[Source records]
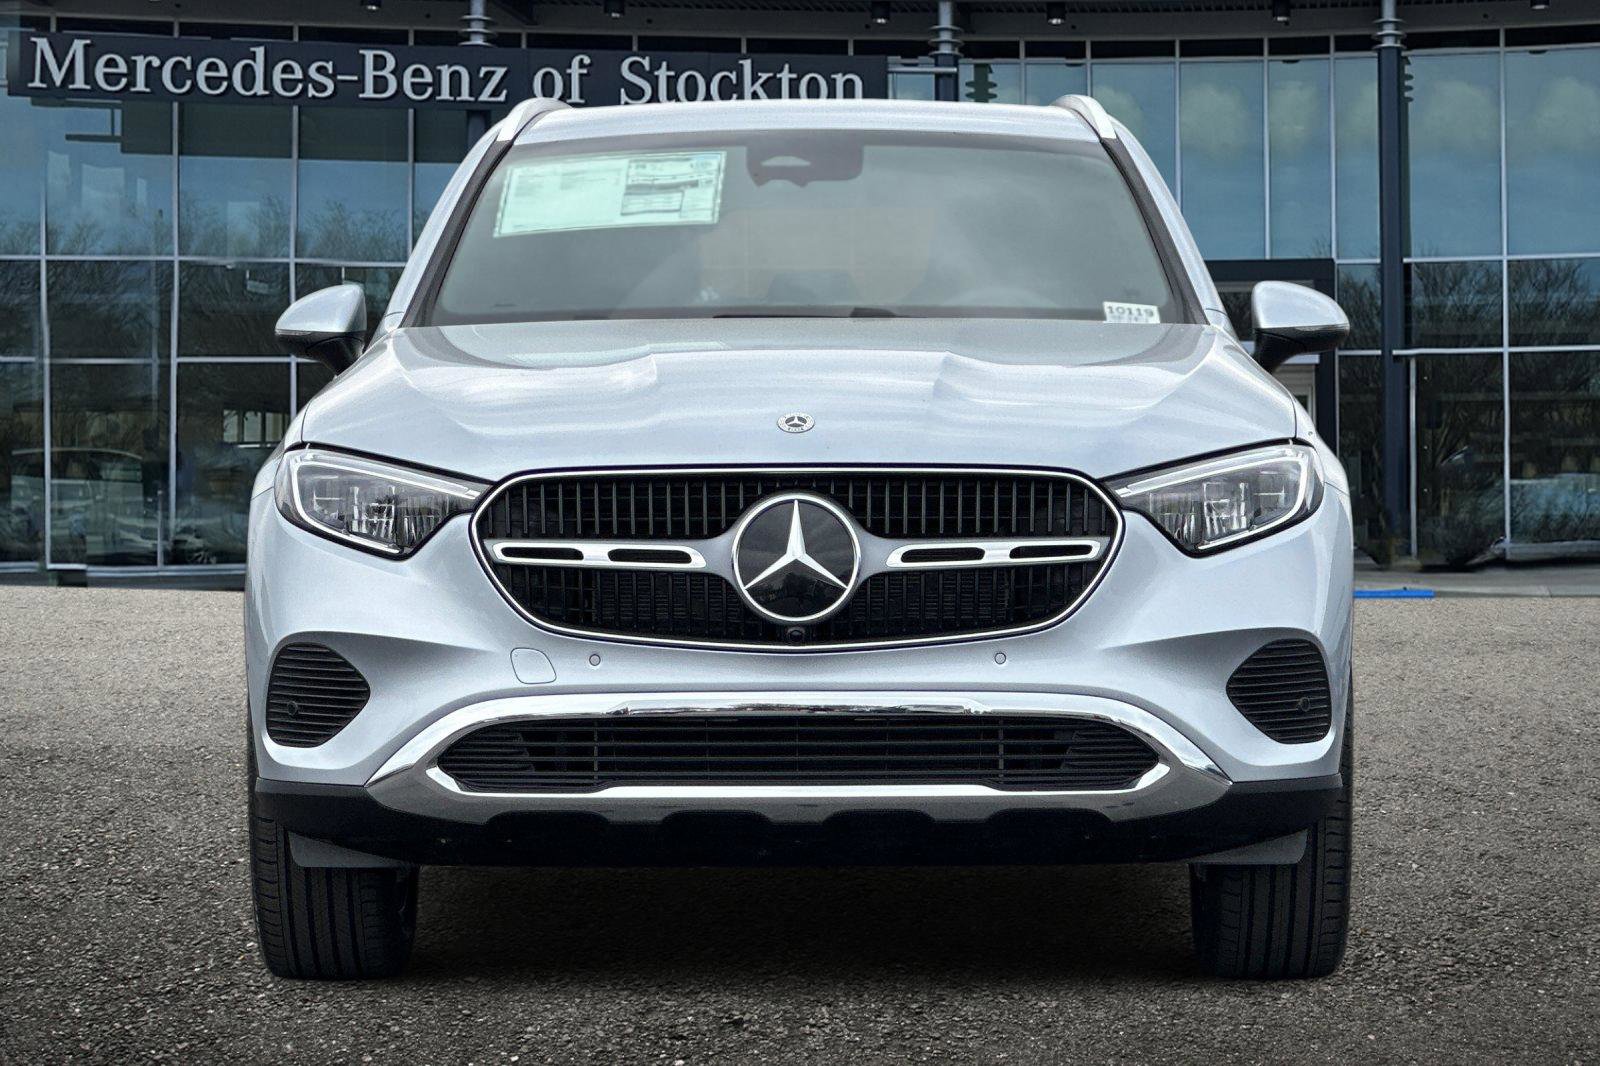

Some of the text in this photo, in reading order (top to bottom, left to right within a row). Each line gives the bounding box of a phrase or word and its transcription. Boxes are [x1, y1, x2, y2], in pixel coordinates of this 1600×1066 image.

[28, 37, 865, 104] Mercedes-Benz of Stockton
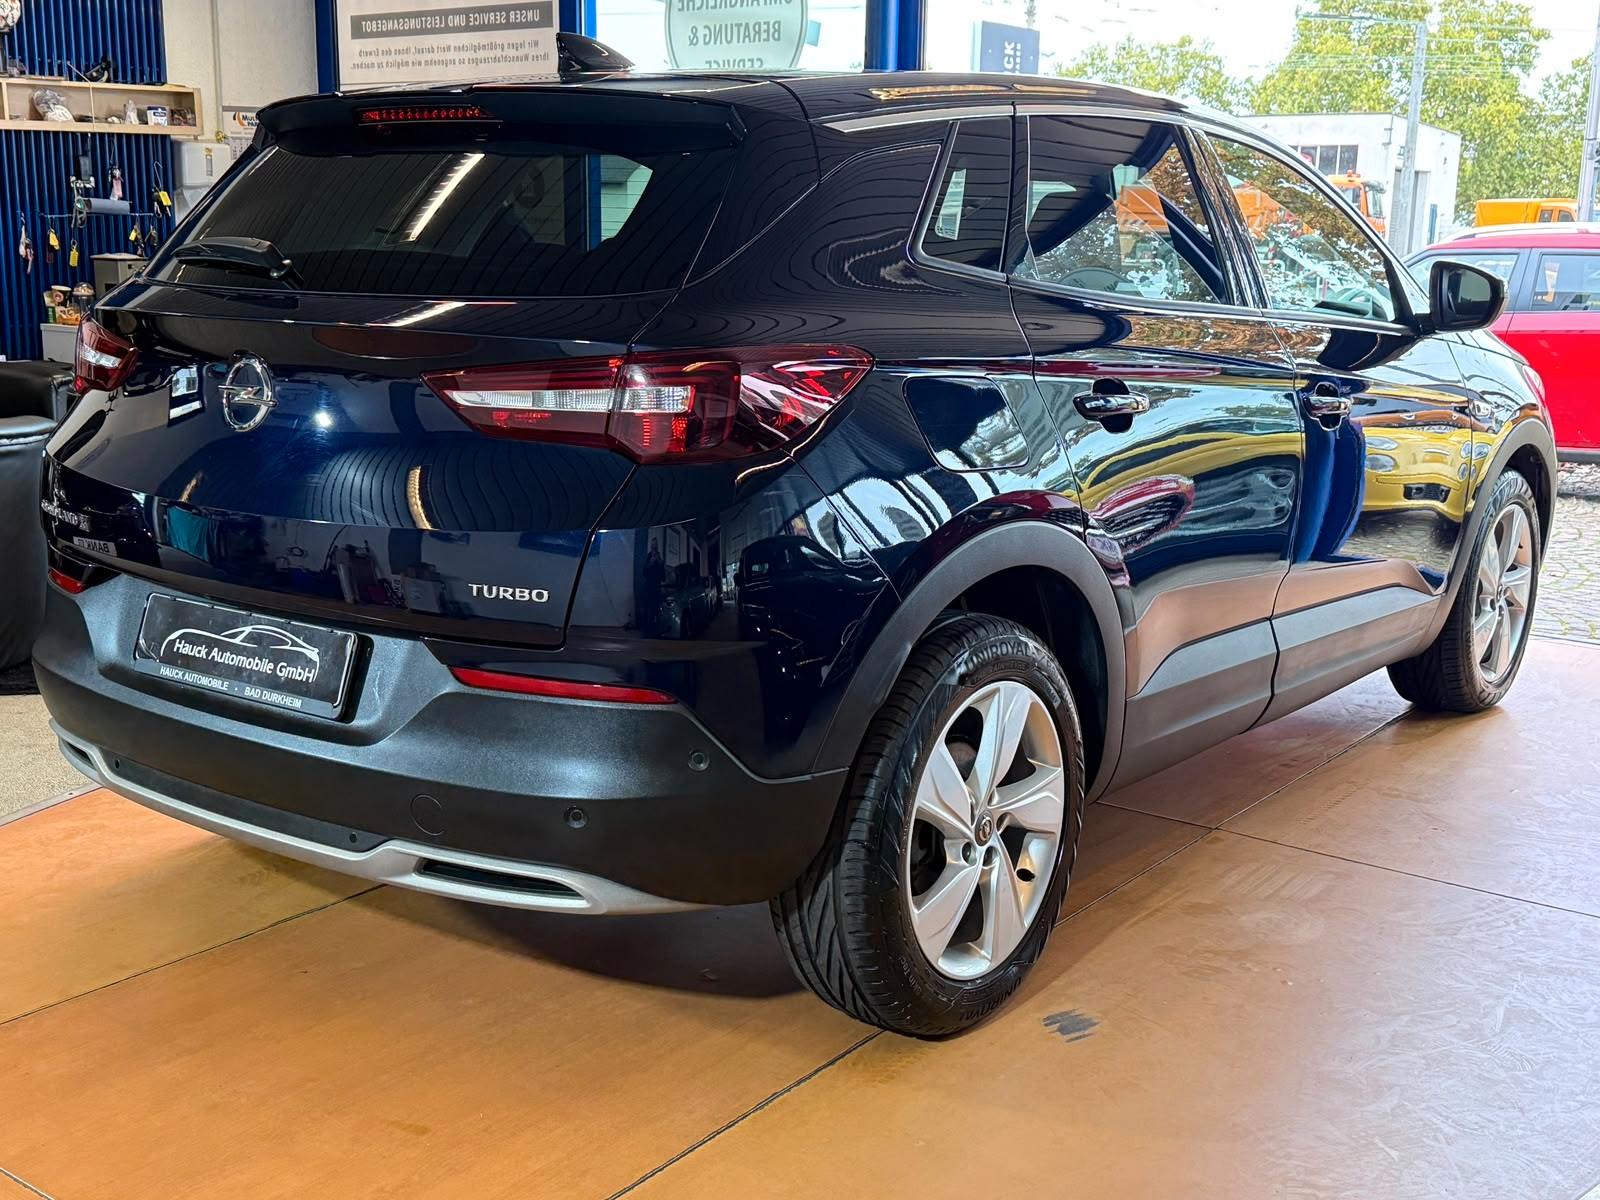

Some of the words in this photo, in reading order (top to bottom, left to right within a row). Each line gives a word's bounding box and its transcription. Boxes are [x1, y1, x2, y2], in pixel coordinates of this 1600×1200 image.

[468, 583, 549, 603] TURBO
[174, 638, 207, 659] Hauck
[208, 647, 274, 675] Automobile
[276, 661, 315, 684] GmbH
[963, 640, 1033, 672] UNIROYAL
[159, 665, 183, 681] HAUCK
[184, 672, 230, 691] AUTOMOBILE
[244, 686, 262, 699] BAD
[262, 690, 303, 709] DURKHEIM
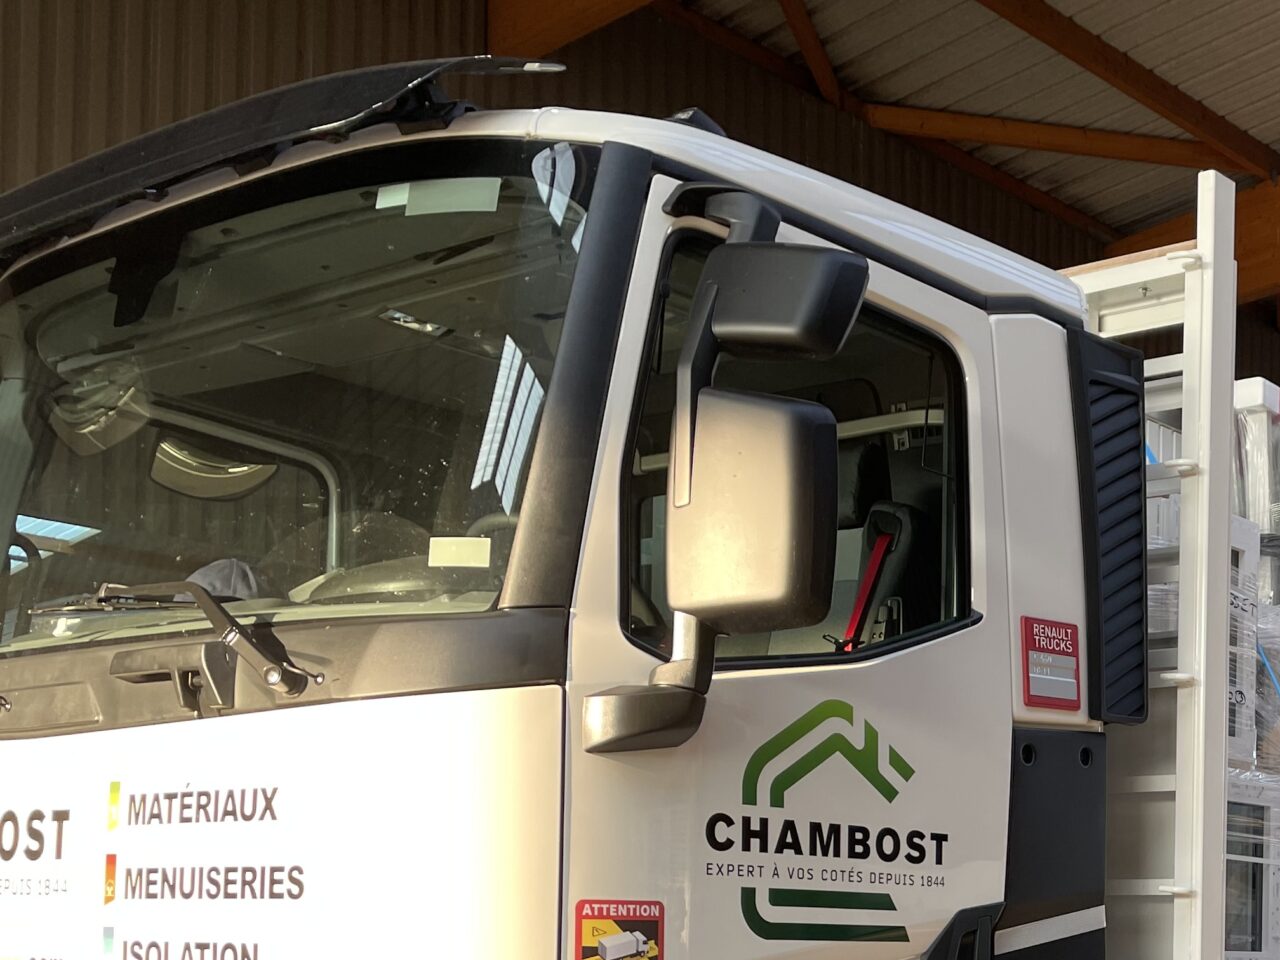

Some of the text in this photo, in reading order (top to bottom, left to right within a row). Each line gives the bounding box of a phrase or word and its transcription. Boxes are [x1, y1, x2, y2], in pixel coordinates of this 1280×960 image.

[1033, 623, 1072, 640] RENAULT
[1033, 636, 1073, 653] TRUCKS
[127, 782, 279, 826] MATÉRIAUX
[0, 809, 70, 861] OST
[705, 812, 949, 866] CHAMBOST
[38, 879, 69, 896] 1844
[124, 865, 304, 900] MENUISERIES
[705, 862, 946, 888] EXPERT À VOS COTÉS DEPUIS 1844
[582, 903, 660, 917] ATTENTION
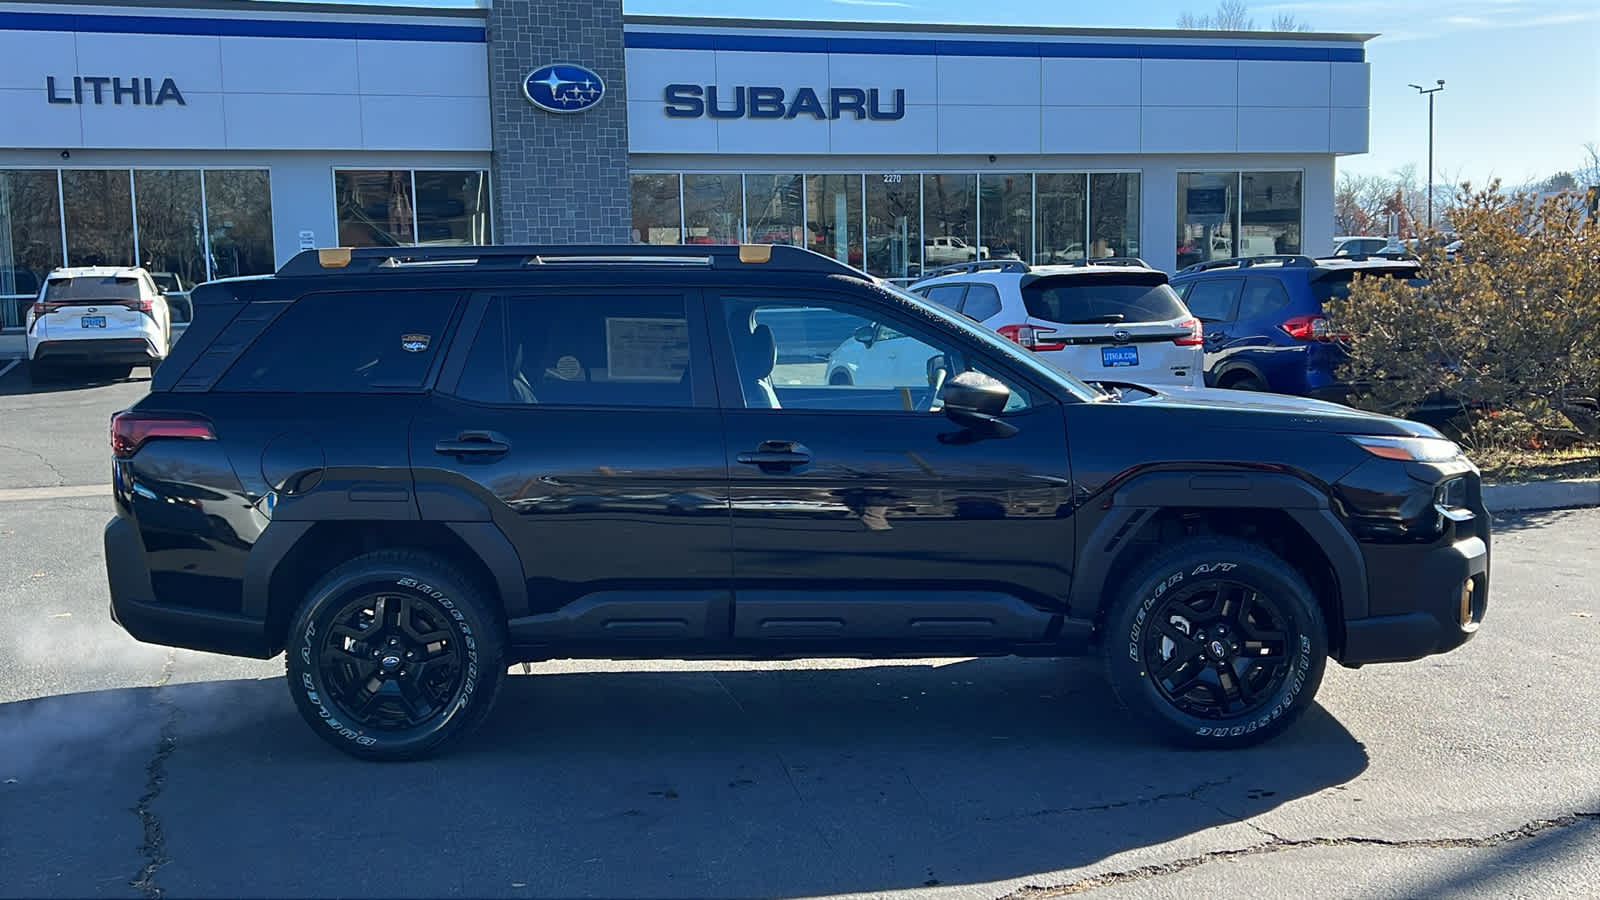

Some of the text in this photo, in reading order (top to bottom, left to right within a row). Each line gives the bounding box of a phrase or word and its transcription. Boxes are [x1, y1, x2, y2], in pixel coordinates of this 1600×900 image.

[46, 76, 187, 105] LITHIA
[664, 84, 905, 120] SUBARU
[883, 174, 901, 183] 2270
[397, 577, 478, 709] BRIDGESTONE
[1129, 562, 1237, 662] DUELER A/T
[301, 620, 377, 746] DUELER A/T
[1196, 633, 1312, 737] BRIDGESTONE

→ **EXERCISE PROMPT**: Could you set down the records above exactly, skipping any picture?

→ **EXERCISE SOLUTION**:
Some of the text in this photo, in reading order (top to bottom, left to right within a row). Each line gives the bounding box of a phrase or word and its transcription. Boxes are [x1, y1, x2, y2], in pixel coordinates of this 1600×1066 image.

[28, 37, 865, 104] Mercedes-Benz of Stockton

Some of the words in this photo, in reading order (top to bottom, left to right within a row). Each line gives a word's bounding box and its transcription. Boxes are [x1, y1, x2, y2], in pixel coordinates of this 1600×1200 image.

[468, 583, 549, 603] TURBO
[174, 638, 207, 659] Hauck
[208, 647, 274, 675] Automobile
[276, 661, 315, 684] GmbH
[963, 640, 1033, 672] UNIROYAL
[159, 665, 183, 681] HAUCK
[184, 672, 230, 691] AUTOMOBILE
[244, 686, 262, 699] BAD
[262, 690, 303, 709] DURKHEIM

Some of the text in this photo, in reading order (top to bottom, left to right within a row). Each line gives the bounding box of a phrase or word and its transcription. Boxes are [x1, y1, x2, y2], in pixel coordinates of this 1280×960 image.

[1033, 623, 1072, 640] RENAULT
[1033, 636, 1073, 653] TRUCKS
[127, 782, 279, 826] MATÉRIAUX
[0, 809, 70, 861] OST
[705, 812, 949, 866] CHAMBOST
[38, 879, 69, 896] 1844
[124, 865, 304, 900] MENUISERIES
[705, 862, 946, 888] EXPERT À VOS COTÉS DEPUIS 1844
[582, 903, 660, 917] ATTENTION

Some of the text in this photo, in reading order (top to bottom, left to right within a row). Each line gives the bounding box of a phrase or word and its transcription. Boxes are [x1, y1, x2, y2], in pixel coordinates of this 1600×900 image.

[46, 76, 187, 105] LITHIA
[664, 84, 905, 120] SUBARU
[883, 174, 901, 183] 2270
[397, 577, 478, 709] BRIDGESTONE
[1129, 562, 1237, 662] DUELER A/T
[301, 620, 377, 746] DUELER A/T
[1196, 633, 1312, 737] BRIDGESTONE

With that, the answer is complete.